Spatial localization data:
____________________
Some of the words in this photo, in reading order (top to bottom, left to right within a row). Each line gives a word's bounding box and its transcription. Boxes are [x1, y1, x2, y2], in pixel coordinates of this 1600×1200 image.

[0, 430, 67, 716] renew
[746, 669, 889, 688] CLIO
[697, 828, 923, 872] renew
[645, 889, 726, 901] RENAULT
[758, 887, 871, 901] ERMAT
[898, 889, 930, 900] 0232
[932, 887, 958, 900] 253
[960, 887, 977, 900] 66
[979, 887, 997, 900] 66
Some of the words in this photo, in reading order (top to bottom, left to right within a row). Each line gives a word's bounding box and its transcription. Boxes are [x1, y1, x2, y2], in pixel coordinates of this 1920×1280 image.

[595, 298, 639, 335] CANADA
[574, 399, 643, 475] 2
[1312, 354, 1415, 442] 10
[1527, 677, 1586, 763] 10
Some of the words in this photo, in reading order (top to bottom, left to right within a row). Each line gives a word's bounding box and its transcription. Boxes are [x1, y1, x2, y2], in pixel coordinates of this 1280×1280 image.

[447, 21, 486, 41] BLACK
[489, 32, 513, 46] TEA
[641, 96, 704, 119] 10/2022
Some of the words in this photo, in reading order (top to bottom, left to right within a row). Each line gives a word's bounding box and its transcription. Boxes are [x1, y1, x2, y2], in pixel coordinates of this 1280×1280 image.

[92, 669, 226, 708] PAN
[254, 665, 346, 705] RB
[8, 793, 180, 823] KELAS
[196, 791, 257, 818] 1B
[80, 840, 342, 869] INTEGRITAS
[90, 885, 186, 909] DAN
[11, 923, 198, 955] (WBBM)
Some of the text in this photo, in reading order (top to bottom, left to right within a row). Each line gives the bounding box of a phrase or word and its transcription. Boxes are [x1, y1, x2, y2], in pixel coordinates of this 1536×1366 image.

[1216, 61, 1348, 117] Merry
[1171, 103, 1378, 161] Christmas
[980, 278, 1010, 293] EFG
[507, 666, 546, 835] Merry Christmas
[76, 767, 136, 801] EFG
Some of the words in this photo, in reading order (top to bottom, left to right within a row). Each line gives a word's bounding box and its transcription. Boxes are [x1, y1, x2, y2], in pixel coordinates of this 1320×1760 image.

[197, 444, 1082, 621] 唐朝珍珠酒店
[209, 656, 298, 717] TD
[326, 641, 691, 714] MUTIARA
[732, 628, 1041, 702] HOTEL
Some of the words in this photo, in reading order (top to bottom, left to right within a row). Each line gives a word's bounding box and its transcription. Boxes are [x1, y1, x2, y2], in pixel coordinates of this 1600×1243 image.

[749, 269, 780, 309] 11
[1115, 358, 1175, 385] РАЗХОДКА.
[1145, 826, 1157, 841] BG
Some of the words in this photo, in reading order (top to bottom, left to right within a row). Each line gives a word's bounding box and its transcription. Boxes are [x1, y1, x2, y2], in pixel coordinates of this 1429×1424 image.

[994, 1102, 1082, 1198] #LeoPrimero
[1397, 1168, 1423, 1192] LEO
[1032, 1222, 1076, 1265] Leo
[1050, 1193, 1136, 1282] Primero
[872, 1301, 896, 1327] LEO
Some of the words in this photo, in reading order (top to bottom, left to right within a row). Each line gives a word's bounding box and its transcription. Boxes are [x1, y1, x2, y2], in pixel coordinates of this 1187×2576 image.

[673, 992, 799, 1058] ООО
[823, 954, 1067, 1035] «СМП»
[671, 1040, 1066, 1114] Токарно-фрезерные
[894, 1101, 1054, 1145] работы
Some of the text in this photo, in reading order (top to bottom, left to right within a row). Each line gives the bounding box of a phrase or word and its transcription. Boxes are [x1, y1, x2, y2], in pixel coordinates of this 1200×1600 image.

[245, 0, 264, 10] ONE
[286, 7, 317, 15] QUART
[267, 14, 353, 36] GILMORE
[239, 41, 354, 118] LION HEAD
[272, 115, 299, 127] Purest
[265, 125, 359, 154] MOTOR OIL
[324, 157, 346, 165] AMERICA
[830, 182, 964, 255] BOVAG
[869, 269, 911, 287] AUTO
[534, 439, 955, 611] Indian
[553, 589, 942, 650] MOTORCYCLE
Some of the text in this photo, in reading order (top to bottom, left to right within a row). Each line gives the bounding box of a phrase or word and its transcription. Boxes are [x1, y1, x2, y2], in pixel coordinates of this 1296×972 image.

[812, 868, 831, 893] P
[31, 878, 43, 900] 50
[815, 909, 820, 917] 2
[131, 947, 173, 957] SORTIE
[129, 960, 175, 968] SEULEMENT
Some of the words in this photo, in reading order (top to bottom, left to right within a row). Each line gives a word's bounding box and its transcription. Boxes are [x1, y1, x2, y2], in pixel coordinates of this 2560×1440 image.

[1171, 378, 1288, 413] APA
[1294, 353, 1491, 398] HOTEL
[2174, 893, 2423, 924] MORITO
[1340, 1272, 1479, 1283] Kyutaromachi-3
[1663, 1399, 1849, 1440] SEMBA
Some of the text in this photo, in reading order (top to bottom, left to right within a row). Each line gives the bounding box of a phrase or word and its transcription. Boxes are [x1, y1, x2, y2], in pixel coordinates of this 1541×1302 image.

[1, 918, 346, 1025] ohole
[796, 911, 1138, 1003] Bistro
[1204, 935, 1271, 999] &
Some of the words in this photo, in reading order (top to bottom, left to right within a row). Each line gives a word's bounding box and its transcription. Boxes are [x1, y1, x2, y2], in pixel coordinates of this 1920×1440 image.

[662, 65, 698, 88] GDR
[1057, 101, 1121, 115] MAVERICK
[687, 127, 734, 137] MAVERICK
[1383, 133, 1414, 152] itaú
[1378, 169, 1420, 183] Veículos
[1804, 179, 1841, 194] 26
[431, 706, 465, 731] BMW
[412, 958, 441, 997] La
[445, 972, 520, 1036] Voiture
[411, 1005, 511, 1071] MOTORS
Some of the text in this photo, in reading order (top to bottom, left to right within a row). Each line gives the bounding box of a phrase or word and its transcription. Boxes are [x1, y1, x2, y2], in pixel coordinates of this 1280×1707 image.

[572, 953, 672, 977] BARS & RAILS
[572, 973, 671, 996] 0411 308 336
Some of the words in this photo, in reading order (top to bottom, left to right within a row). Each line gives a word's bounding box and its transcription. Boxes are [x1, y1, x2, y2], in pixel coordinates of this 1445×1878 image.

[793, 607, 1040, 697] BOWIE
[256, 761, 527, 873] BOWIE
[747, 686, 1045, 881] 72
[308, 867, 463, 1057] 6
____________________
▶ _What to do_
Render the whole set of entries again, exactly as given.

▶ _Solution to this exercise_
Some of the words in this photo, in reading order (top to bottom, left to right within a row). Each line gives a word's bounding box and its transcription. Boxes are [x1, y1, x2, y2], in pixel coordinates of this 1600×1200 image.

[0, 430, 67, 716] renew
[746, 669, 889, 688] CLIO
[697, 828, 923, 872] renew
[645, 889, 726, 901] RENAULT
[758, 887, 871, 901] ERMAT
[898, 889, 930, 900] 0232
[932, 887, 958, 900] 253
[960, 887, 977, 900] 66
[979, 887, 997, 900] 66
Some of the words in this photo, in reading order (top to bottom, left to right within a row). Each line gives a word's bounding box and its transcription. Boxes are [x1, y1, x2, y2], in pixel coordinates of this 1920×1280 image.

[595, 298, 639, 335] CANADA
[574, 399, 643, 475] 2
[1312, 354, 1415, 442] 10
[1527, 677, 1586, 763] 10
Some of the words in this photo, in reading order (top to bottom, left to right within a row). Each line gives a word's bounding box and its transcription. Boxes are [x1, y1, x2, y2], in pixel coordinates of this 1280×1280 image.

[447, 21, 486, 41] BLACK
[489, 32, 513, 46] TEA
[641, 96, 704, 119] 10/2022
Some of the words in this photo, in reading order (top to bottom, left to right within a row). Each line gives a word's bounding box and its transcription. Boxes are [x1, y1, x2, y2], in pixel coordinates of this 1280×1280 image.

[92, 669, 226, 708] PAN
[254, 665, 346, 705] RB
[8, 793, 180, 823] KELAS
[196, 791, 257, 818] 1B
[80, 840, 342, 869] INTEGRITAS
[90, 885, 186, 909] DAN
[11, 923, 198, 955] (WBBM)
Some of the text in this photo, in reading order (top to bottom, left to right within a row). Each line gives the bounding box of a phrase or word and its transcription. Boxes are [x1, y1, x2, y2], in pixel coordinates of this 1536×1366 image.

[1216, 61, 1348, 117] Merry
[1171, 103, 1378, 161] Christmas
[980, 278, 1010, 293] EFG
[507, 666, 546, 835] Merry Christmas
[76, 767, 136, 801] EFG
Some of the words in this photo, in reading order (top to bottom, left to right within a row). Each line gives a word's bounding box and its transcription. Boxes are [x1, y1, x2, y2], in pixel coordinates of this 1320×1760 image.

[197, 444, 1082, 621] 唐朝珍珠酒店
[209, 656, 298, 717] TD
[326, 641, 691, 714] MUTIARA
[732, 628, 1041, 702] HOTEL
Some of the words in this photo, in reading order (top to bottom, left to right within a row). Each line gives a word's bounding box and its transcription. Boxes are [x1, y1, x2, y2], in pixel coordinates of this 1600×1243 image.

[749, 269, 780, 309] 11
[1115, 358, 1175, 385] РАЗХОДКА.
[1145, 826, 1157, 841] BG
Some of the words in this photo, in reading order (top to bottom, left to right within a row). Each line gives a word's bounding box and its transcription. Boxes are [x1, y1, x2, y2], in pixel coordinates of this 1429×1424 image.

[994, 1102, 1082, 1198] #LeoPrimero
[1397, 1168, 1423, 1192] LEO
[1032, 1222, 1076, 1265] Leo
[1050, 1193, 1136, 1282] Primero
[872, 1301, 896, 1327] LEO
Some of the words in this photo, in reading order (top to bottom, left to right within a row). Each line gives a word's bounding box and its transcription. Boxes are [x1, y1, x2, y2], in pixel coordinates of this 1187×2576 image.

[673, 992, 799, 1058] ООО
[823, 954, 1067, 1035] «СМП»
[671, 1040, 1066, 1114] Токарно-фрезерные
[894, 1101, 1054, 1145] работы
Some of the text in this photo, in reading order (top to bottom, left to right within a row). Each line gives the bounding box of a phrase or word and its transcription. Boxes are [x1, y1, x2, y2], in pixel coordinates of this 1200×1600 image.

[245, 0, 264, 10] ONE
[286, 7, 317, 15] QUART
[267, 14, 353, 36] GILMORE
[239, 41, 354, 118] LION HEAD
[272, 115, 299, 127] Purest
[265, 125, 359, 154] MOTOR OIL
[324, 157, 346, 165] AMERICA
[830, 182, 964, 255] BOVAG
[869, 269, 911, 287] AUTO
[534, 439, 955, 611] Indian
[553, 589, 942, 650] MOTORCYCLE
Some of the text in this photo, in reading order (top to bottom, left to right within a row). Each line gives the bounding box of a phrase or word and its transcription. Boxes are [x1, y1, x2, y2], in pixel coordinates of this 1296×972 image.

[812, 868, 831, 893] P
[31, 878, 43, 900] 50
[815, 909, 820, 917] 2
[131, 947, 173, 957] SORTIE
[129, 960, 175, 968] SEULEMENT
Some of the words in this photo, in reading order (top to bottom, left to right within a row). Each line gives a word's bounding box and its transcription. Boxes are [x1, y1, x2, y2], in pixel coordinates of this 2560×1440 image.

[1171, 378, 1288, 413] APA
[1294, 353, 1491, 398] HOTEL
[2174, 893, 2423, 924] MORITO
[1340, 1272, 1479, 1283] Kyutaromachi-3
[1663, 1399, 1849, 1440] SEMBA
Some of the text in this photo, in reading order (top to bottom, left to right within a row). Each line gives the bounding box of a phrase or word and its transcription. Boxes are [x1, y1, x2, y2], in pixel coordinates of this 1541×1302 image.

[1, 918, 346, 1025] ohole
[796, 911, 1138, 1003] Bistro
[1204, 935, 1271, 999] &
Some of the words in this photo, in reading order (top to bottom, left to right within a row). Each line gives a word's bounding box and its transcription. Boxes are [x1, y1, x2, y2], in pixel coordinates of this 1920×1440 image.

[662, 65, 698, 88] GDR
[1057, 101, 1121, 115] MAVERICK
[687, 127, 734, 137] MAVERICK
[1383, 133, 1414, 152] itaú
[1378, 169, 1420, 183] Veículos
[1804, 179, 1841, 194] 26
[431, 706, 465, 731] BMW
[412, 958, 441, 997] La
[445, 972, 520, 1036] Voiture
[411, 1005, 511, 1071] MOTORS
Some of the text in this photo, in reading order (top to bottom, left to right within a row). Each line gives the bounding box of a phrase or word and its transcription. Boxes are [x1, y1, x2, y2], in pixel coordinates of this 1280×1707 image.

[572, 953, 672, 977] BARS & RAILS
[572, 973, 671, 996] 0411 308 336
Some of the words in this photo, in reading order (top to bottom, left to right within a row). Each line gives a word's bounding box and its transcription. Boxes are [x1, y1, x2, y2], in pixel coordinates of this 1445×1878 image.

[793, 607, 1040, 697] BOWIE
[256, 761, 527, 873] BOWIE
[747, 686, 1045, 881] 72
[308, 867, 463, 1057] 6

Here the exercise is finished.